With global food demand predicted to grow by 50–80% by 2050, timely strategies are required to best adapt to the projected changes in agriculture. In this study, we illustrated how adaptation strategies not requiring additional inputs (sowing date and genotype choice) could be used to minimise the impact of projected stresses and raise wheat productivity in Australia. Yield and abiotic stresses impacting productivity of wheat crops were quantified in silico for the 1990s (1976–2005) and the 2050s (2036–2065) across the Australian wheatbelt using a modified version of the Agricultural Production Systems sIMulator (APSIM) and 33 Global Circulation Models (GCMs) under the Representative Concentration Pathways (RCP) 8.5. Two adaptation strategies were assessed: adaptation of sowing dates and/or adaptation of cultivars of contrasting phenology (i.e. fast-spring, mid-spring, slow-spring and fast-winter cultivars). For a given cultivar, optimum sowing windows associated with highest long-term yield were projected to shift to earlier dates by 2050 at most locations, with an average shift of 9.6 days for a mid-spring cultivar. Sowing early maturing cultivars enabled further increase in projected yield in major parts of the wheatbelt. In the tested conditions, sowing and cultivar adaptation allowed simulated crops to minimise the impact of abiotic stresses while limiting the shortening of the grain filling period due to global warming. Thanks to CO₂ fertilisation and proper adaptation, the frequency of severe frost, heat and drought stress was reduced in all regions, except in the West where severe drought was projected to occur more frequently in the 2050s. This allowed a national yield increase of 4.6% with reduced risk of crop failure at most locations. While the study focused on stress avoidance through adaptations (sowing dates and choice of cultivar phenology), breeding for enhanced drought and heat tolerance appeared promising avenues to further improve wheat productivity.

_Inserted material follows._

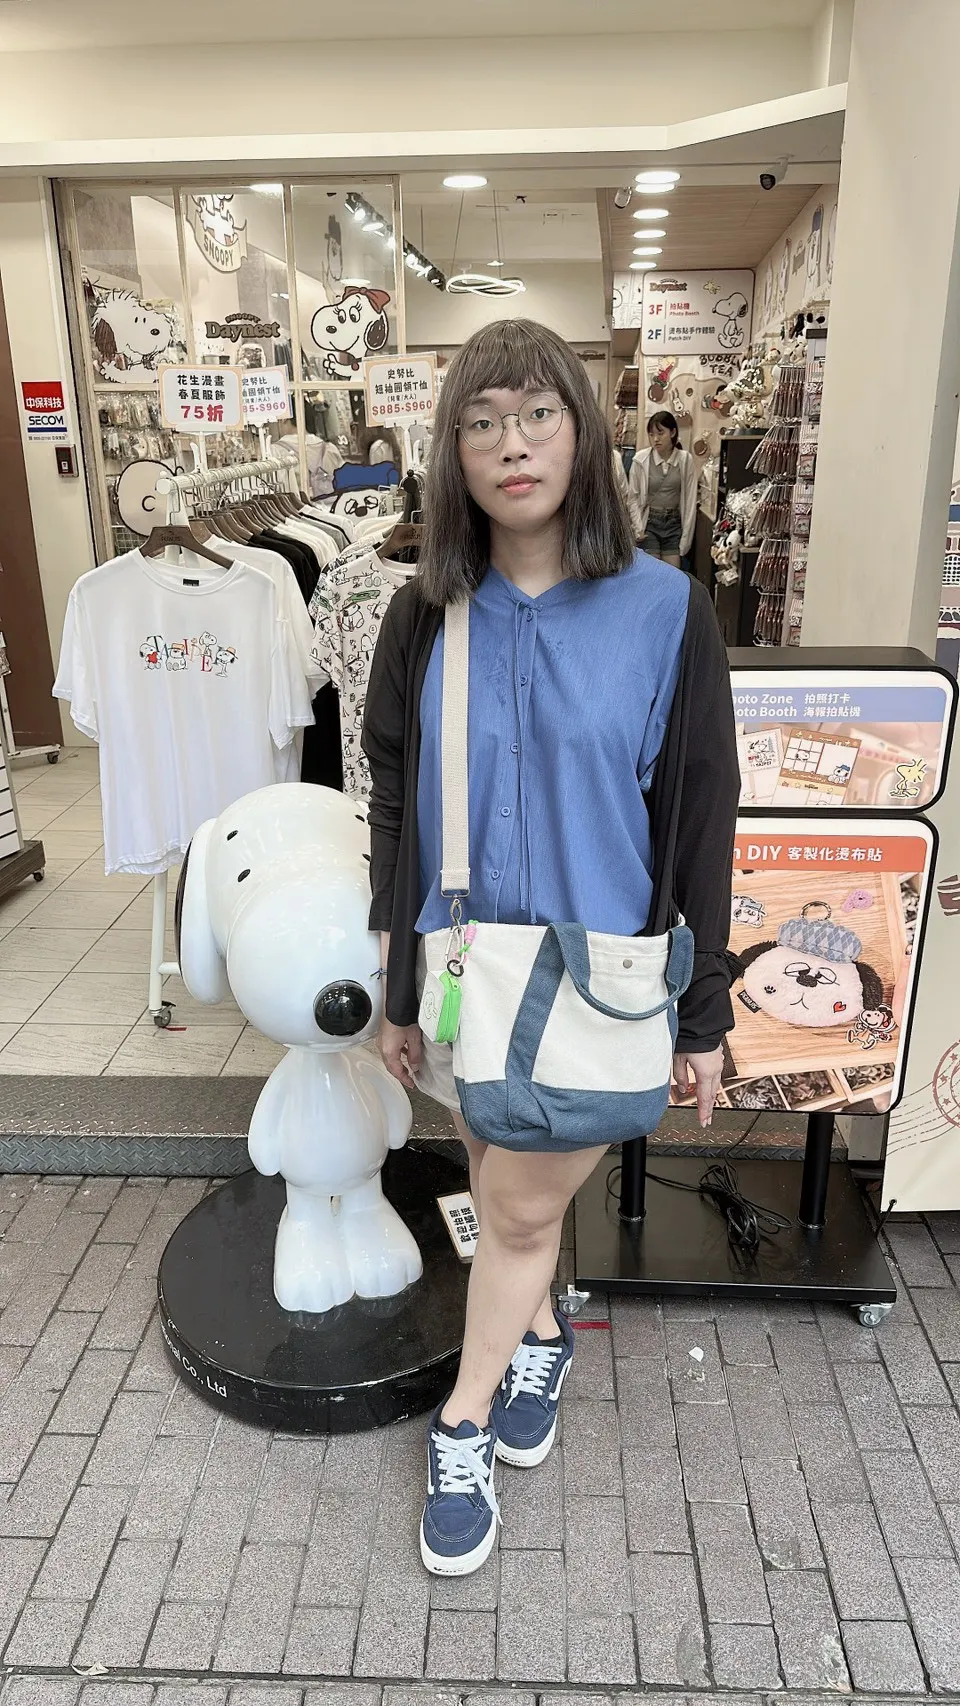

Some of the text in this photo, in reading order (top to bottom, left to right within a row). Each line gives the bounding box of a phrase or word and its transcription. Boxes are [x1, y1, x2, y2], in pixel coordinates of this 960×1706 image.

到2050年，全球粮食需求预计将增长50-80％，因此需要及时采取战略，以最好地适应农业的预期变化。在这项研究中，我们说明了如何使用不需要额外投入（播种日期和基因型选择）的适应策略来最大程度地减少预计压力的影响并提高澳大利亚的小麦生产力。在计算机上量化了影响小麦作物生产力的单产和非生物胁迫在1990年（1976-2005年）和2050年代（2036-2065年）的整个澳大利亚小麦带上，使用农业生产系统模拟程序（APSIM）的改进版本和代表浓度路径（RCP）8.5下的33种全球流通模式（GCM） 。评估了两种适应策略：播期的适应和/或物候相反的品种的适应（即快春，中春，慢春和快冬品种）。对于给定的品种，与最高长期产量相关的最佳播种期预计在大多数地点将在2050年之前移到较早的日期，中春品种平均移到9.6天。播种早熟品种可以进一步提高小麦带主要部分的预计单产。在测试条件下 播种和品种适应使模拟作物能够最大程度地减少非生物胁迫的影响，同时限制由于全球变暖而导致的籽粒充实期的缩短。多亏了CO₂施肥和适当的适应措施，除西部地区预计在2050年代发生严重干旱的地区之外，所有地区的严重霜冻，高温和干旱胁迫的发生率均降低。这使全国单产提高了4.6％，同时大多数地区的农作物歉收风险降低。虽然研究的重点是通过适应措施（播种日期和品种物候选择）来避免胁迫，但为增强干旱和耐热性而进行的育种似乎是进一步提高小麦生产力的有前途的途径。